▶ [EXERCISE DETAILS] Restate all the entries exactly as they appear, apart from the pictures.
__________________________________________________
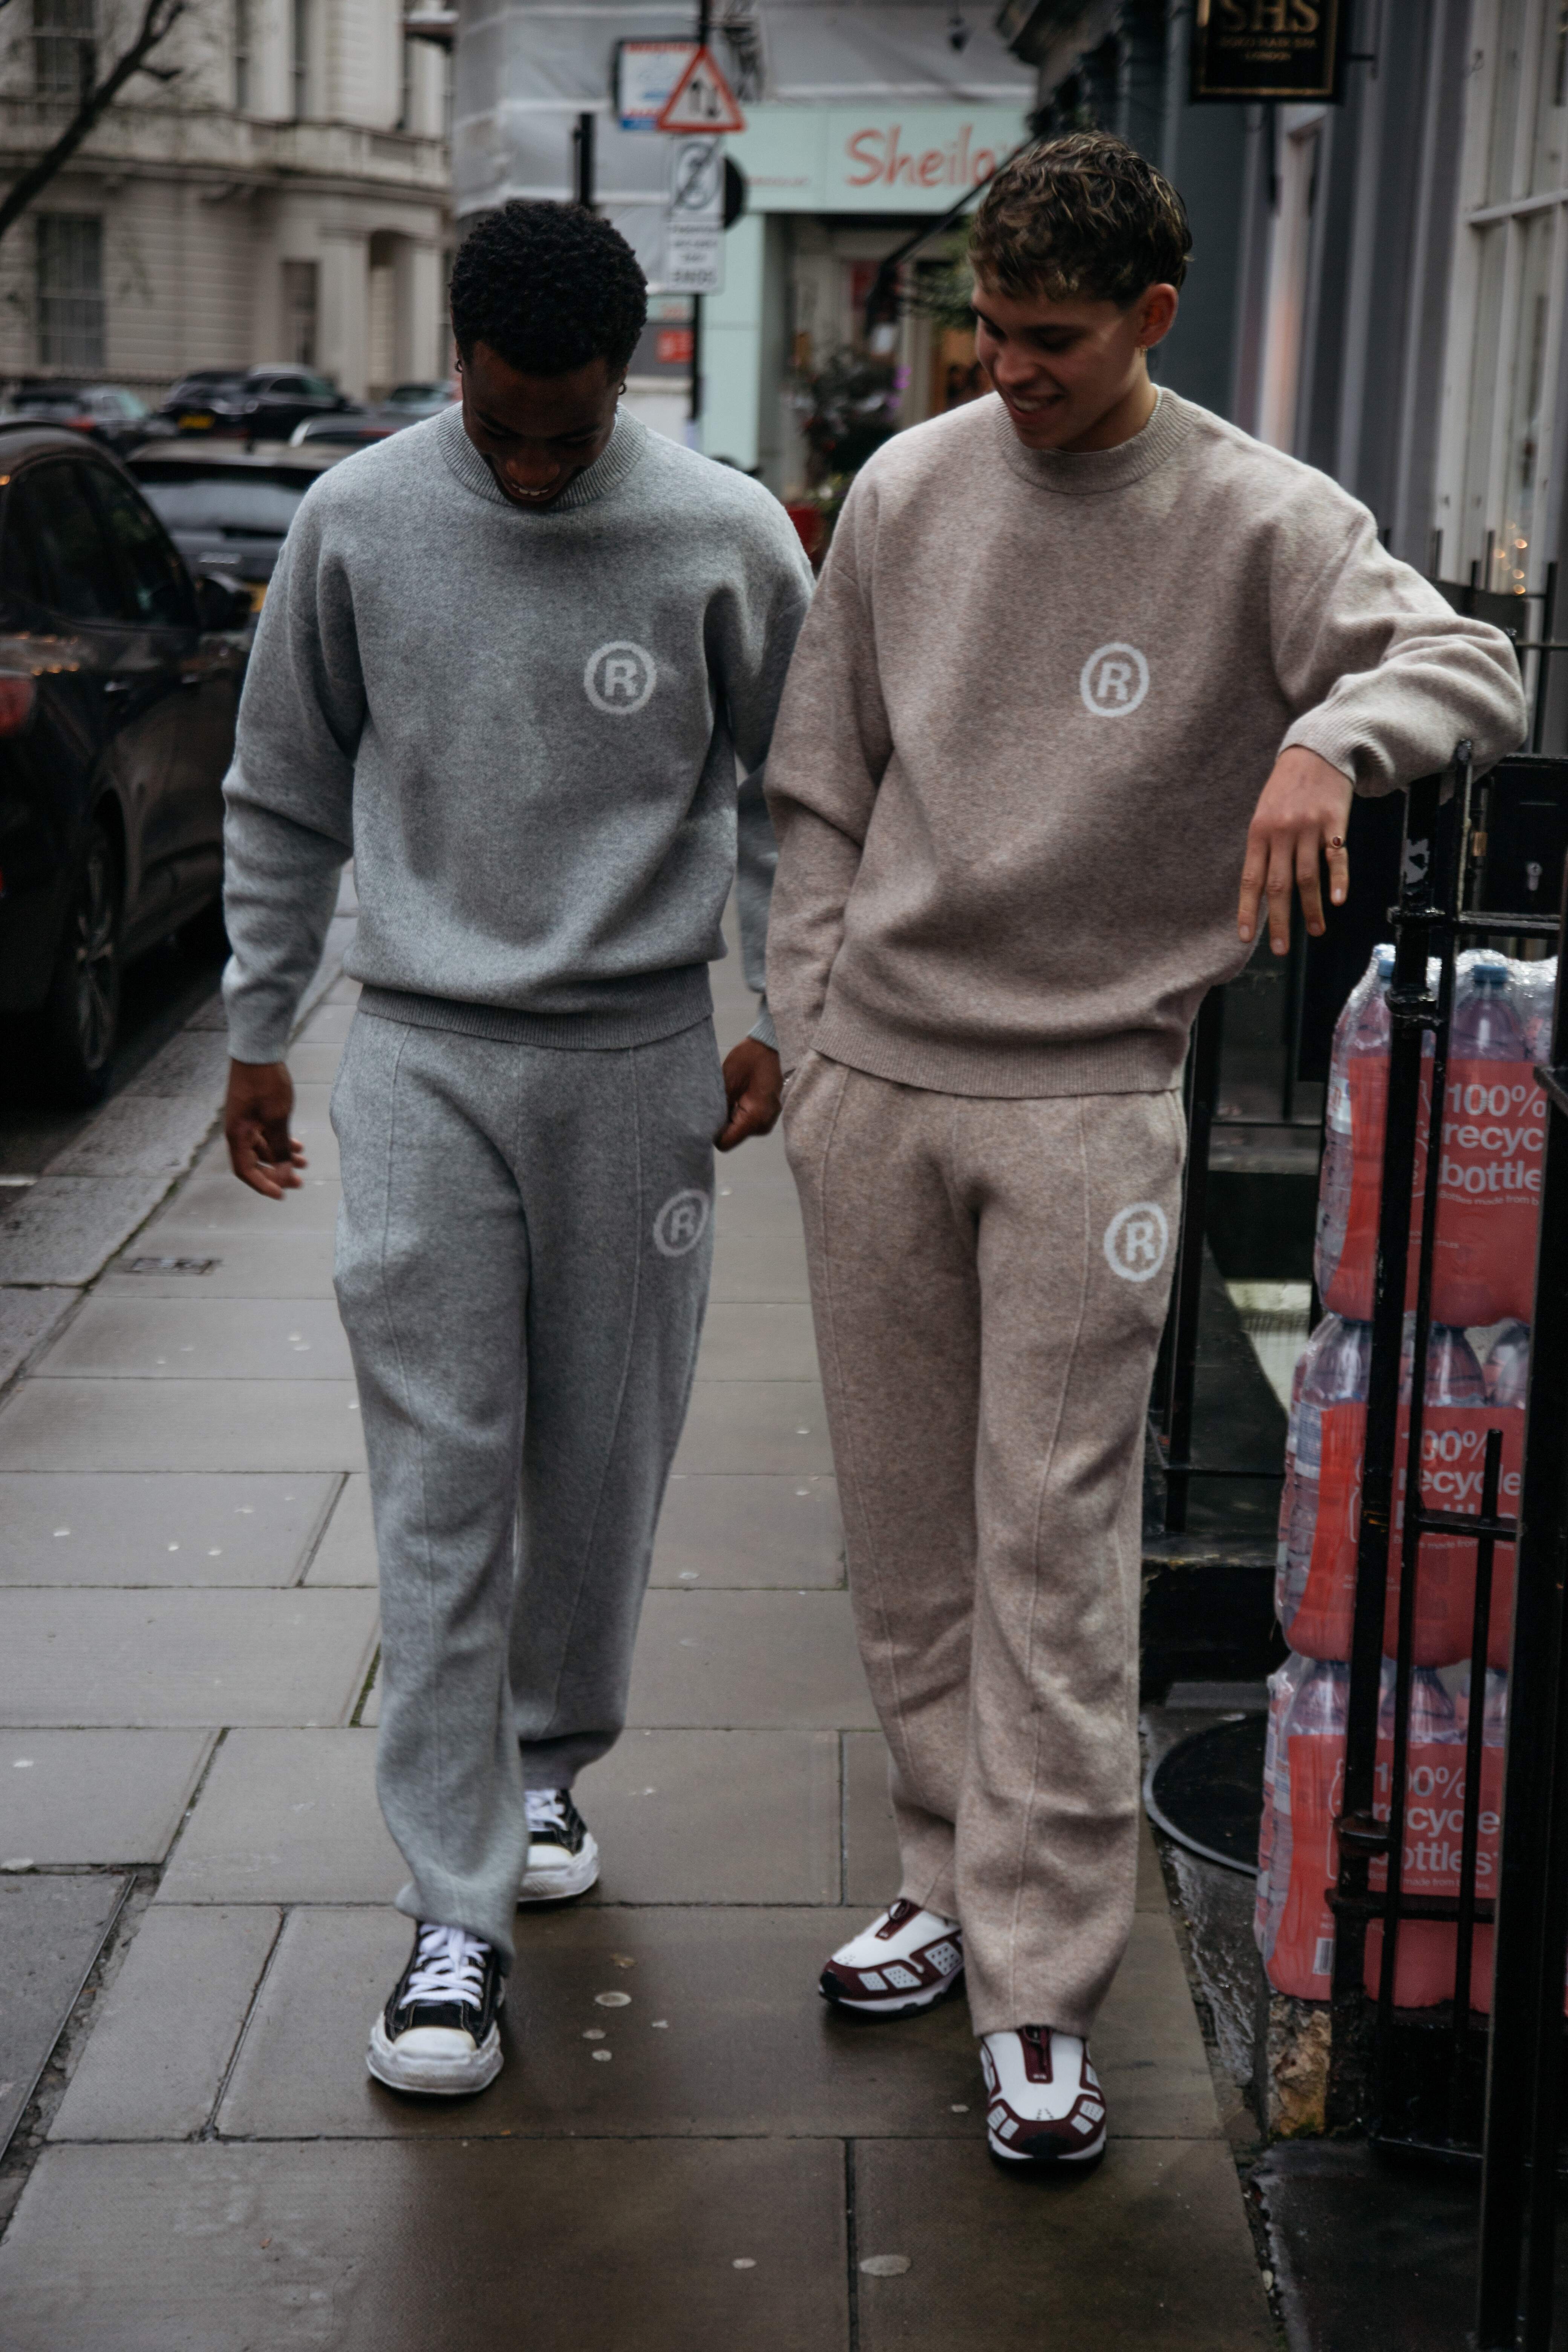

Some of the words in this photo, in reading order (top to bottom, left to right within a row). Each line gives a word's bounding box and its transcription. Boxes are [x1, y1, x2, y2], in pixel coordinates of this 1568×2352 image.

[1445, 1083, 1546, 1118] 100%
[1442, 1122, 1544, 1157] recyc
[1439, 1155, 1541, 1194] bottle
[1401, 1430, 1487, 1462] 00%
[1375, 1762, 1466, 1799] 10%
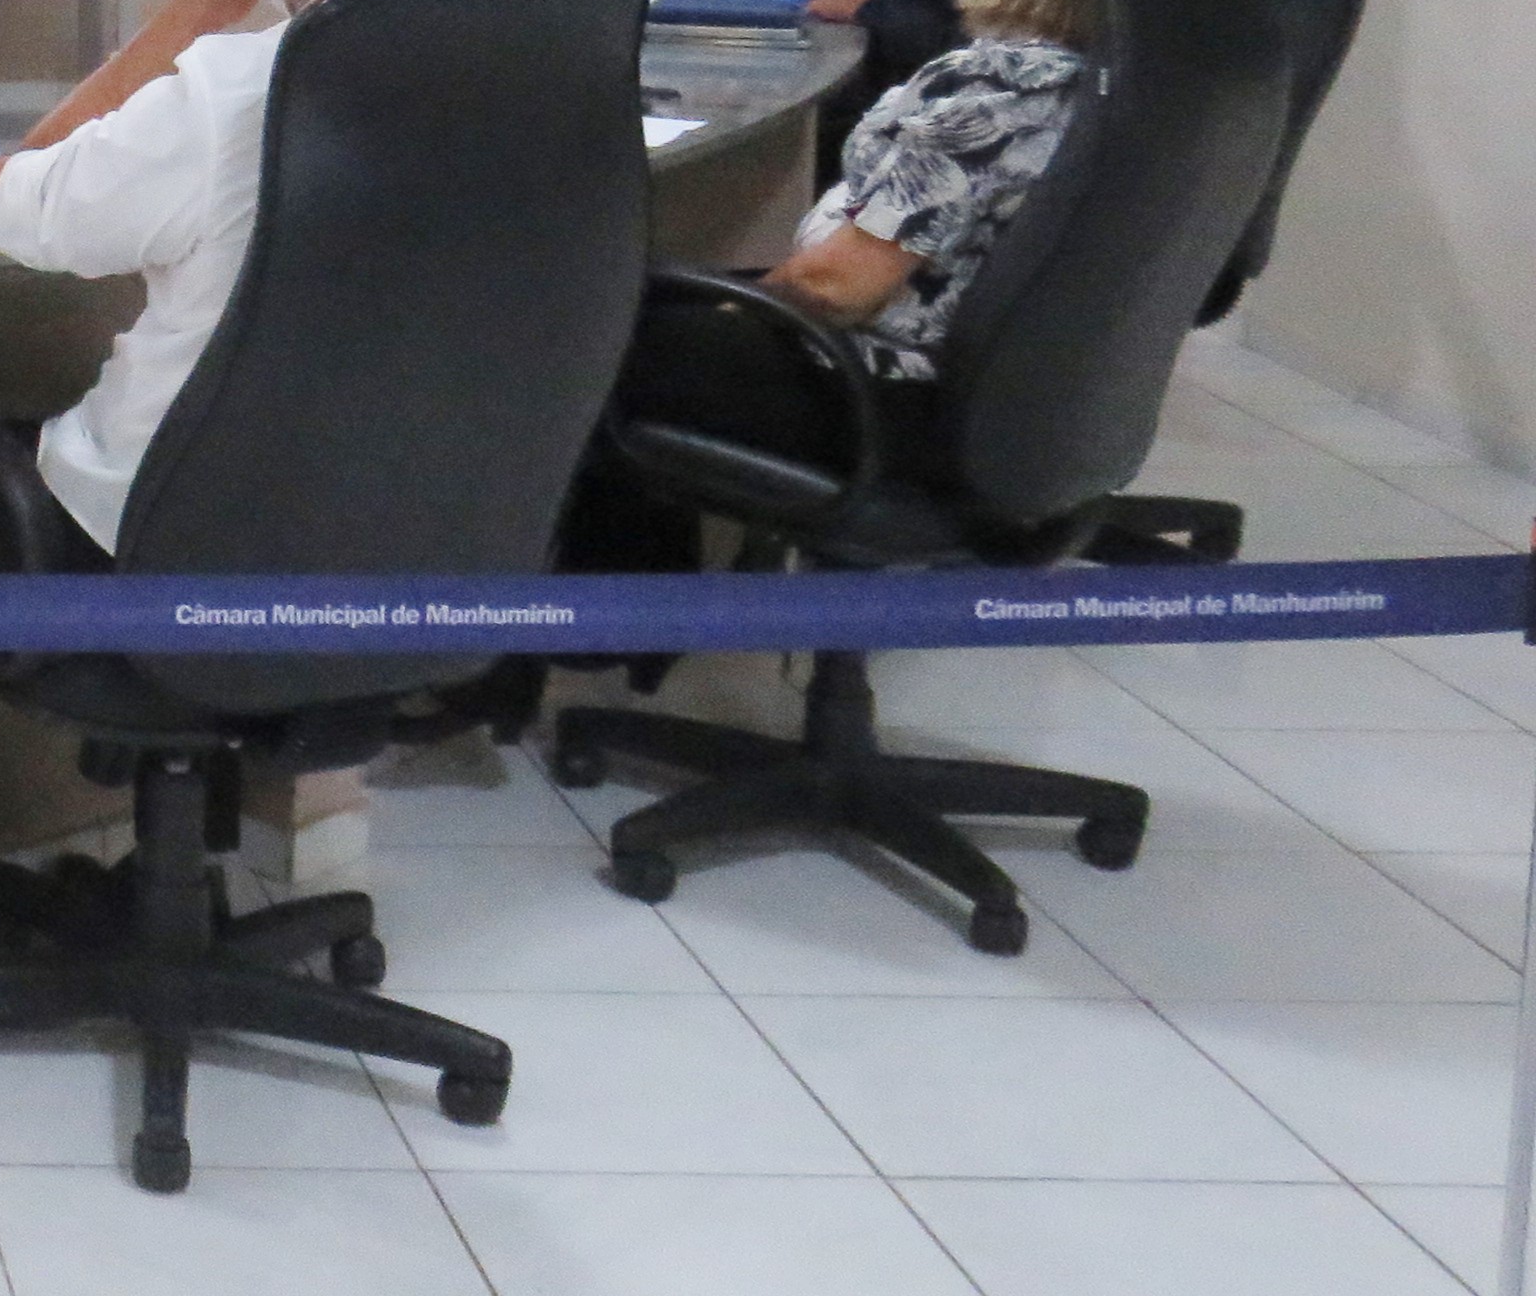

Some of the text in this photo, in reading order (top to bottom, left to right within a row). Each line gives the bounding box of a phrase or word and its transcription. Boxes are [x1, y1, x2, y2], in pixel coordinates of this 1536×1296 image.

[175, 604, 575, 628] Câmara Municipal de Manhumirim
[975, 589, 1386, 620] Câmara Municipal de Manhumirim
__________________________________________________
▶ [RESPONSE TO THE TASK]
Some of the words in this photo, in reading order (top to bottom, left to right within a row). Each line gives a word's bounding box and its transcription. Boxes are [x1, y1, x2, y2], in pixel coordinates of this 1568×2352 image.

[1445, 1083, 1546, 1118] 100%
[1442, 1122, 1544, 1157] recyc
[1439, 1155, 1541, 1194] bottle
[1401, 1430, 1487, 1462] 00%
[1375, 1762, 1466, 1799] 10%

Some of the text in this photo, in reading order (top to bottom, left to right within a row). Each line gives the bounding box of a phrase or word and its transcription. Boxes are [x1, y1, x2, y2], in pixel coordinates of this 1536×1296 image.

[175, 604, 575, 628] Câmara Municipal de Manhumirim
[975, 589, 1386, 620] Câmara Municipal de Manhumirim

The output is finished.